In [1]:
import random
import pickle
import numpy as np

random.seed(1234)

In [2]:
with open('../raw_data/reviews.pkl', 'rb') as f:
  reviews_df = pickle.load(f)
  reviews_df = reviews_df[['reviewerID', 'asin', 'unixReviewTime']] # 用户id，产品号， 时间戳
with open('../raw_data/meta.pkl', 'rb') as f:
  meta_df = pickle.load(f)
  meta_df = meta_df[['asin', 'categories']] # 产品号， 类别
  meta_df['categories'] = meta_df['categories'].map(lambda x: x[-1][-1]) # 每个产品对应多个类别，此处选取最后一个标签作为产品的类别

In [3]:
def build_map(df, col_name):
  key = sorted(df[col_name].unique().tolist())
  m = dict(zip(key, range(len(key))))
  df[col_name] = df[col_name].map(lambda x: m[x])
  return m, key

In [4]:
asin_map, asin_key = build_map(meta_df, 'asin')
cate_map, cate_key = build_map(meta_df, 'categories')
revi_map, revi_key = build_map(reviews_df, 'reviewerID')

In [5]:
user_count, item_count, cate_count, example_count =\
    len(revi_map), len(asin_map), len(cate_map), reviews_df.shape[0]
print('user_count: %d\titem_count: %d\tcate_count: %d\texample_count: %d' %
      (user_count, item_count, cate_count, example_count))
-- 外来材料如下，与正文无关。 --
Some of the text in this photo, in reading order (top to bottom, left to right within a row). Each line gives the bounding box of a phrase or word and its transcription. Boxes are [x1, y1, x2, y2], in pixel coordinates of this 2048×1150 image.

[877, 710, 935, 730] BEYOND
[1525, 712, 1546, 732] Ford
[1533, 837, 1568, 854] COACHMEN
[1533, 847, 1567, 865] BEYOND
user_count: 192403	item_count: 63001	cate_count: 801	example_count: 1689188


In [6]:
meta_df = meta_df.sort_values('asin')
meta_df = meta_df.reset_index(drop=True)
reviews_df['asin'] = reviews_df['asin'].map(lambda x: asin_map[x])
reviews_df = reviews_df.sort_values(['reviewerID', 'unixReviewTime'])
reviews_df = reviews_df.reset_index(drop=True)
reviews_df = reviews_df[['reviewerID', 'asin', 'unixReviewTime']]
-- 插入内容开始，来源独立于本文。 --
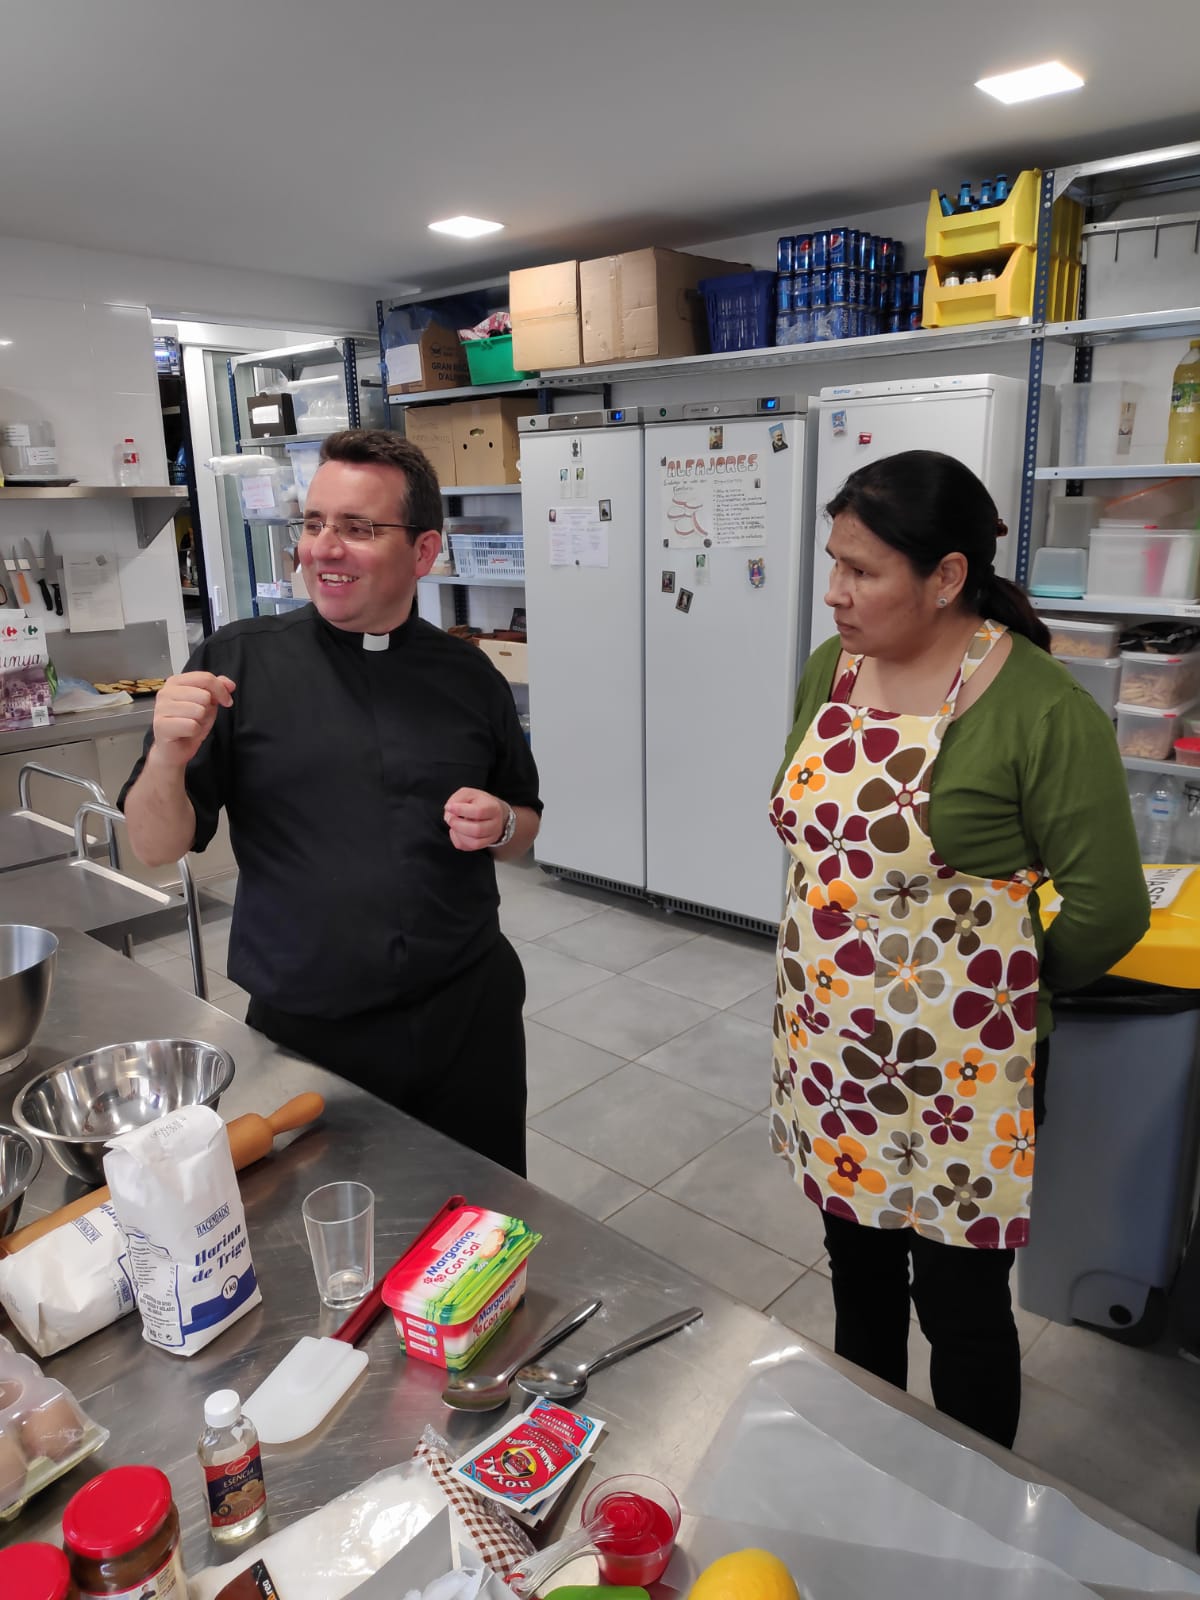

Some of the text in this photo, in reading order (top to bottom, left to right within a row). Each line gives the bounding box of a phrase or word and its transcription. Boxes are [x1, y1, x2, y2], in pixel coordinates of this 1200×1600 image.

[667, 453, 759, 478] ALFAJORES
[196, 1205, 230, 1235] HACENDADO
[192, 1237, 247, 1284] de Trigo
[194, 1224, 242, 1267] Harina
[445, 1241, 481, 1276] Con Sal
[484, 1311, 498, 1330] Con
[483, 1455, 531, 1488] ROYAL
[536, 1446, 557, 1472] BAKING
[223, 1467, 254, 1488] ESENCIA
cate_list = [meta_df['categories'][i] for i in range(len(asin_map))]
cate_list = np.array(cate_list, dtype=np.int32)

In [7]:
meta_df.head(10)

Unnamed: 0,asin,categories
0,0,738
1,1,157
2,2,571
3,3,707
4,4,714
5,5,714
6,6,798
7,7,799
8,8,798
9,9,798


In [8]:
with open('../raw_data/remap.pkl', 'wb') as f:
  pickle.dump(reviews_df, f, pickle.HIGHEST_PROTOCOL) # uid, iid
  pickle.dump(cate_list, f, pickle.HIGHEST_PROTOCOL) # cid of iid line
  pickle.dump((user_count, item_count, cate_count, example_count),
              f, pickle.HIGHEST_PROTOCOL)
  pickle.dump((asin_key, cate_key, revi_key), f, pickle.HIGHEST_PROTOCOL)